よく、なぜ生態学の研究者だったのにコンサルティング会社を立ち上げたのかと聞かれます。もしこの話に興味のある方は、ちょっと長くなりますが、昔話に少しお付き合いください。

Response Ability Inc.

大学院を出た後、私は国立環境研究所に職を得て、所属した研究室がマレーシアの森林研究所と共同で行っているプロジェクトに参加しました。1995年のことです。そして1999年からの3年間はマレーシアに赴任して、熱帯林の動態を解明するという仕事をしていました。すぐに世の中に役に立つことはなさそうでしたが、生き物が好きな人間にとってはたまらない仕事です。月に何度も泊まりがけで研究林に出かけ、いろいろな手掛かりをもとに熱帯林の樹の一生を調べるという研究をしていたのです。

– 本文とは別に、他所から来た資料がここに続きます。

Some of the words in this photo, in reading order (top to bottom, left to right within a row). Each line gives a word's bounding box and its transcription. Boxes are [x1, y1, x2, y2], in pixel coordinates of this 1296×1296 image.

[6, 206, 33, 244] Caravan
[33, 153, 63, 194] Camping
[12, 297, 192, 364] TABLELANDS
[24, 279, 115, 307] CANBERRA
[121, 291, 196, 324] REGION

熱帯の樹は高く、平均的には30mぐらい、高いものは50mもの高さがあります。高さが54mもある観測用のタワーに登り、その上から周囲の熱帯林を見回すのはとても気分のいいものです。日差しはジリジリと肌を焦がすようでしたが、樹々の頂きの上を涼しい風が吹き、時々、その中を美しい蝶がヒラヒラと飛んできたりするのです。人間の社会で何が起きていようが関係なく、巨大な樹と、そこに集まるたくさんの種類の動物、鳥、虫などが、太古の昔からまったく変わらない生活を繰り返していました。

しかし、その森のちょっと向こうには、オイルパームのプランテーションがもうすぐ近くまで迫って来ていました。私たちが研究していた林は保護林なので、それが切られることはなさそうですが、もう周囲はすっかりプランテーションに囲まれていたのです。

私たちは「天然林」を研究しているつもりでしたが、よく考えてみると、もはやそれはガラスの展示ケースに入れられた標本のようなものなのかもしれません。たしかにその時、私の目の前にあったのは天然の林ではあったのですが、それはもはや不完全なものでしかなく、その次の世代は育たないものかもしれないのです。

たとえすぐに社会に役立つ結果は出なかったとしても、基礎研究は重要です。そういった無数の基礎研究の集積が、今の科学技術、そして私たちの豊かで便利な社会を支えているのです。

そのまま熱帯林の研究を続ければ、30数年後、私が研究所を退職するまでには、いくつか熱帯林の秘密も解明できたかもしれません。それは科学の進歩のためには、とても小さなものでしょうが、多少の貢献にはなったかもしれません。

「熱帯林のしくみが以前より少しわかるようになりました。熱帯林は、こんな素晴らしい特徴を持っていたのです!」研究所を去るときに私がこんな話をできたとしても、もしその時に「でも…そんな熱帯林はもうほとんどなくなってしまいまいた。わずかに残っているのは、私たちが研究してきた保護林だけです。」ということも言わなくてはならないとしたら、それはあまりにも皮肉なことです。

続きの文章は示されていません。